Hence $K_{SP}\text{ of CN}CN=5.98\times {10}^{-17}$.

(b)

Interpretation Introduction

To determine: Calculate $K_{SP}\text{ of }Ni{\left(OH\right)}_2$. If solubility is $5.98\times {10}^{-17}M$.

Explanation of Solution

$Ni{\left(OH\right)}_2\left(S\right)\stackrel{}{\rightleftharpoons }N{i}^{2+}+2O{H}^{-}$

$1$ Mole of $Ni{\left(OH\right)}_2$ gives $1{\text{ mole Ni}}^{+0}\text{ and 2 moles }O{H}^{-}$.

Solubility $Ni{\left(OH\right)}_2\text{ is 5}\text{.16}\times {\text{10}}^{-6}M$.

$\begin{array}{c}\left[N{i}^{2+}\right]=1\times \text{ solubility of Ni}{\left(OH\right)}_2\\ =5.16\times {10}^{-6}M\\ \left[O{H}^{-}\right]=2\times \text{ Solubility of Ni}{\left(OH\right)}_2\\ =2\times \left(5.16\times {10}^{-6}M\right)\\ =10.32\times {10}^{-6}M\end{array}$

From the definition of solubility product.

$K_{SP}=\left[N{i}^{2+}\right]{\left[O{H}^{-}\right]}^2$

Putting the value in R.H.S. you get

$\begin{array}{l}=\left(5.16\times {10}^{-6}M\right)\left(10.32\times {10}^{-6}M\right)\\ =5.50\times {10}^{-16}M\end{array}$

Hence solubility product of $Ni{\left(OH\right)}_2=5.50\times {10}^{-16}M$.

(c)

Interpretation Introduction

To determine: Calculate $K_{SP}{\text{ of Cu}}_3{\left(P{O}_4\right)}_2$. Solubility is $1.67\times {10}^{-8}M$.

Explanation of Solution

$C{u}_3{\left(P{O}_4\right)}_2\left(S\right)\stackrel{}{\rightleftharpoons }3C{u}^{2+}\left(aq\right)+2P{O}_4^{2-}\left(aq\right)$.

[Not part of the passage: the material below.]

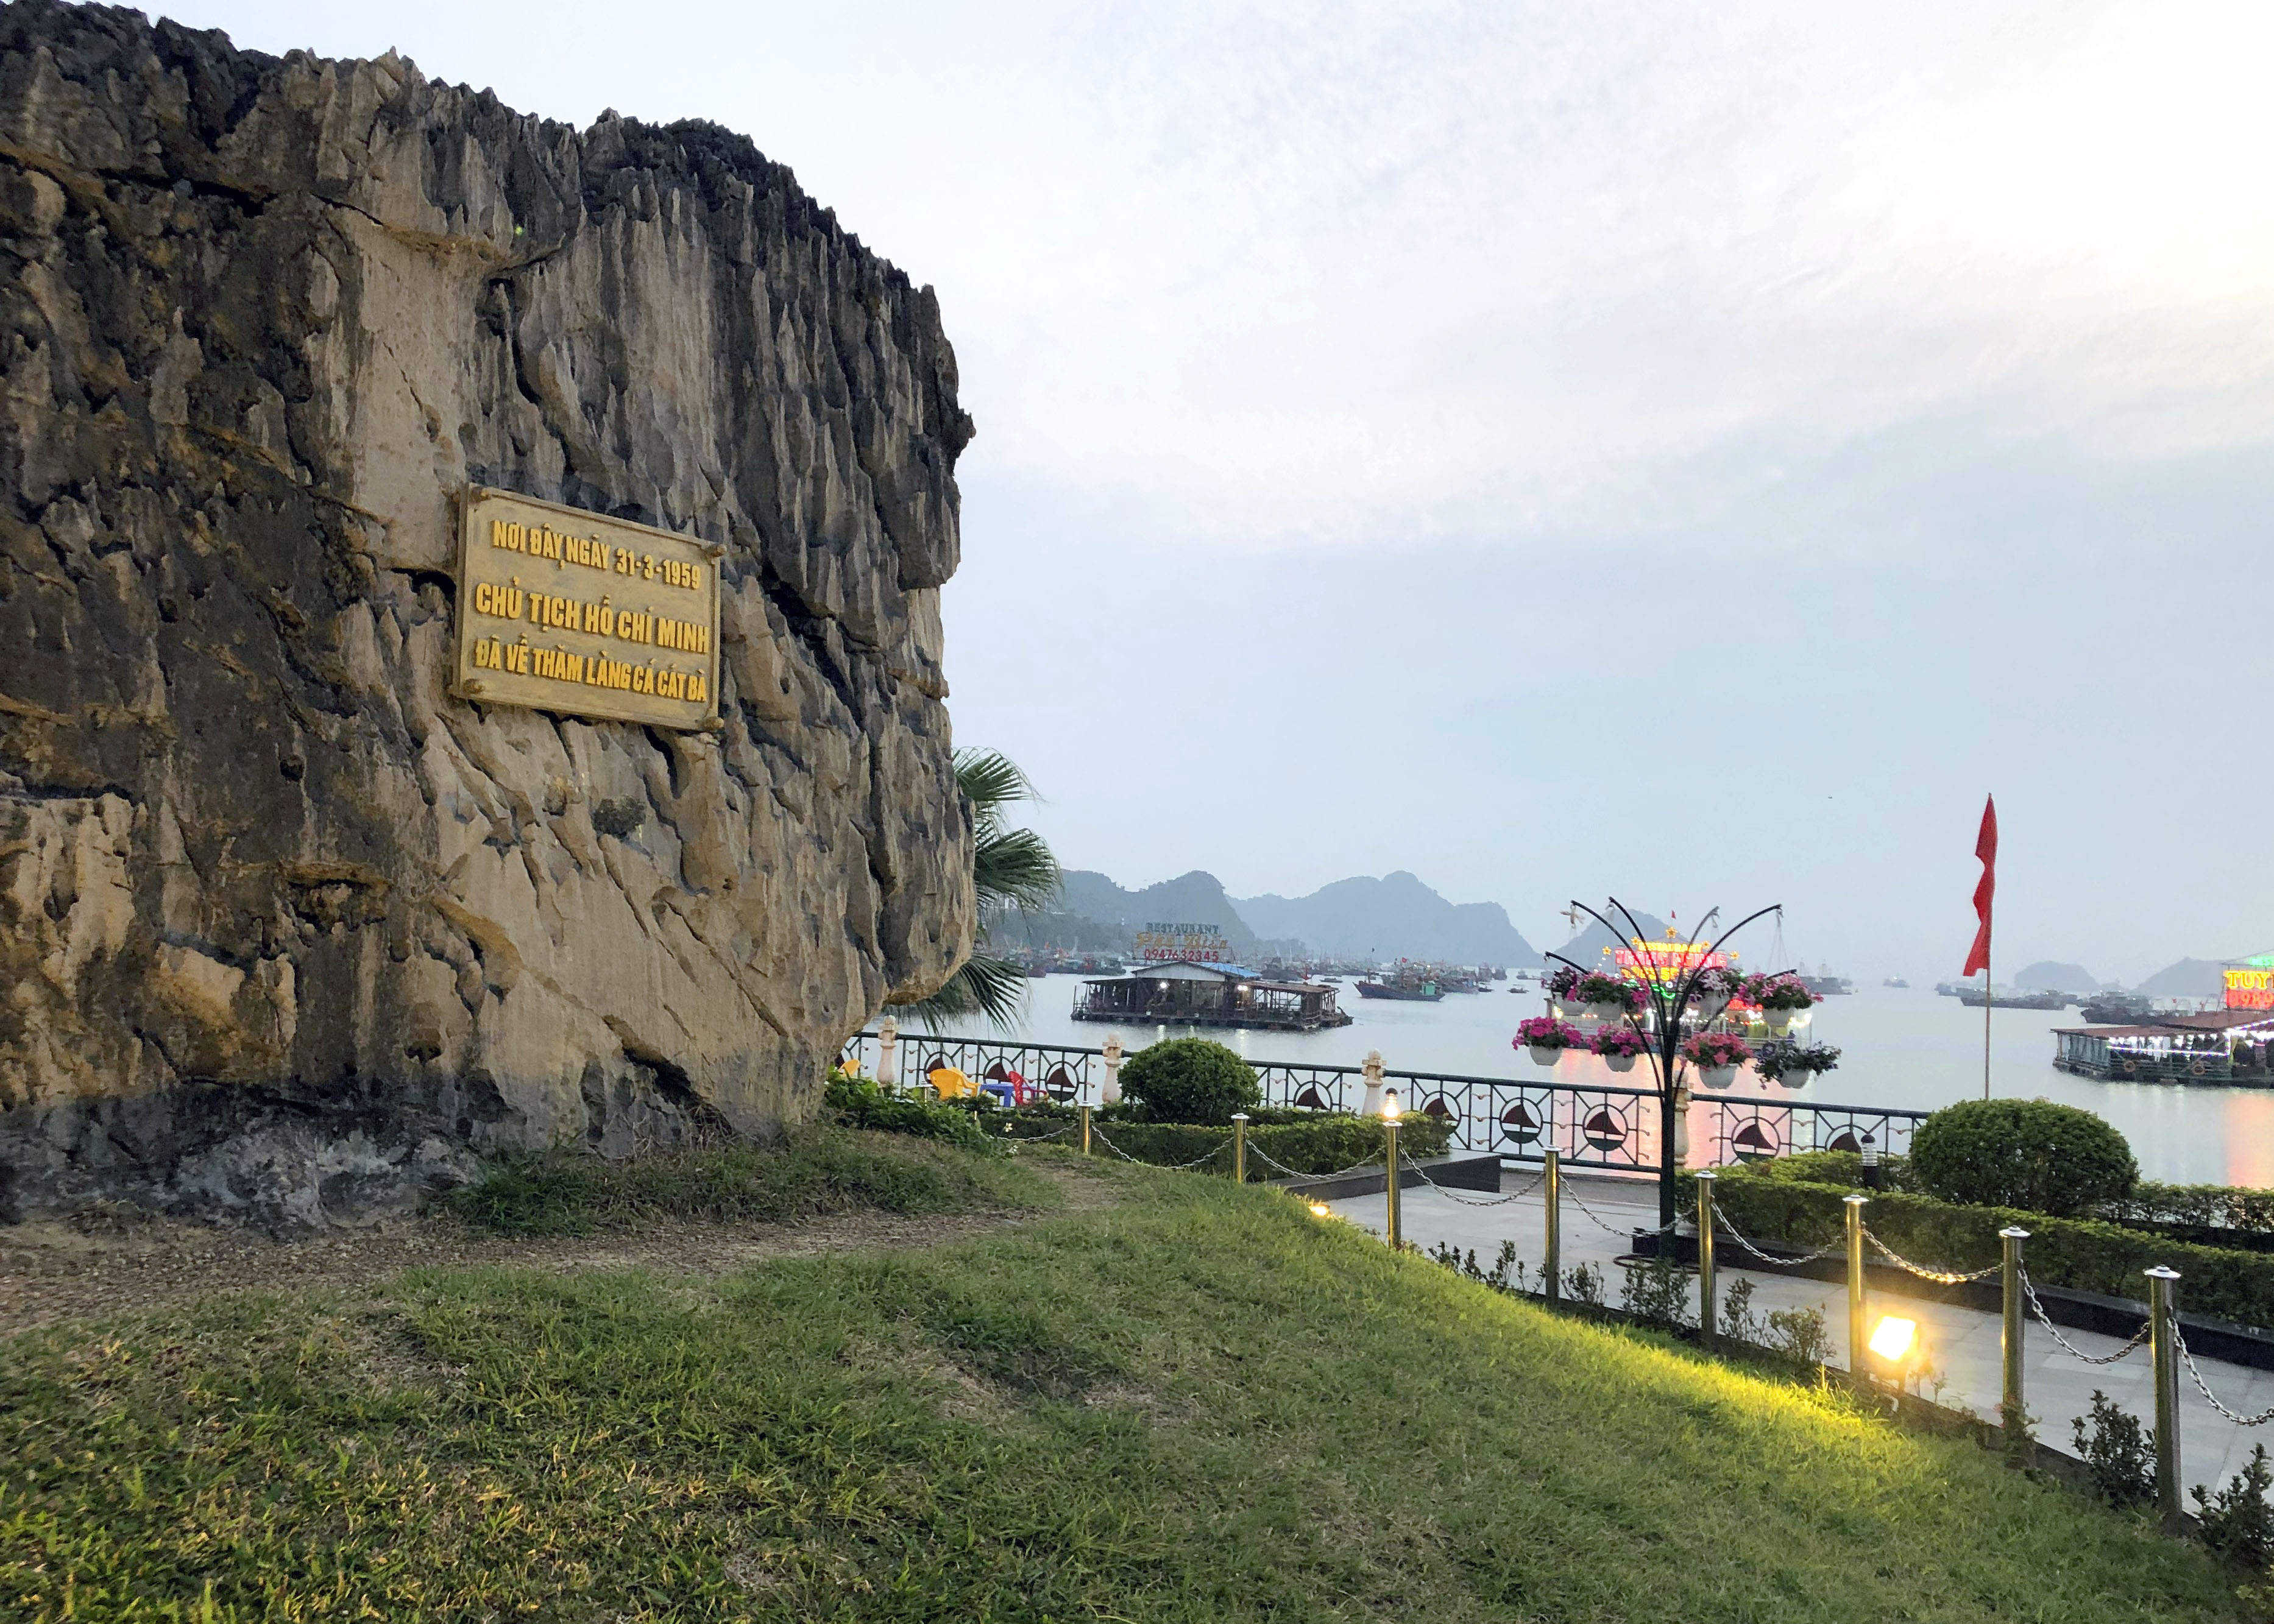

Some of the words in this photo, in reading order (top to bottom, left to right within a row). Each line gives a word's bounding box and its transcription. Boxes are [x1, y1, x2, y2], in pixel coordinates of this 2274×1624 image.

From the above balanced equilibrium reaction it becomes clear that $1$ mole of $C{u}_3{\left(P{O}_4\right)}_2\left(S\right)$ gives $3$

$C{u}^{2+}\left(aq\right){\text{ and 2 moles of PO}}_4^{2-}\left(aq\right)$.

The solubility of $C{u}_3{\left(P{O}_4\right)}_2\left(S\right)$ is $1.67\times {10}^{-8}M$.so at equilibrium

$\begin{array}{l}\left[C{u}^{2+}\right]=3\times {\text{ slubility of Cu}}_3{\left(P{O}_4\right)}_2\\ \left[P{O}_4^{2-}\right]=2\times {\text{ solubility of Cu}}_3{\left(P{O}_4\right)}_2\end{array}$

So,

$\begin{array}{l}\left[C{u}^{2+}\right]=3\times 1.67\times {10}^{-8}M\\ \left[P{O}_4^{2-}\right]=2\times 1.67\times {10}^{-8}M\end{array}$

From the definition of solubility product.

$\begin{array}{c}{K}_{SP}={\left[C{u}^{2+}\right]}^3{\left[P{O}_4^{2-}\right]}^2\\ ={\left(5.01\times {10}^{-8}\right)}^3{\left(3.34\times {10}^{-8}\right)}^{23}\\ =1.40\times {10}^{-37}\end{array}$

Hence solubility product of $C{u}_3{\left(P{O}_4\right)}_2\text{is 1}\text{.40}\times {\text{10}}^{-37}$.

Conclusion

You have learnt that how to find the $K_{SP}$ from the solubility of a given salt.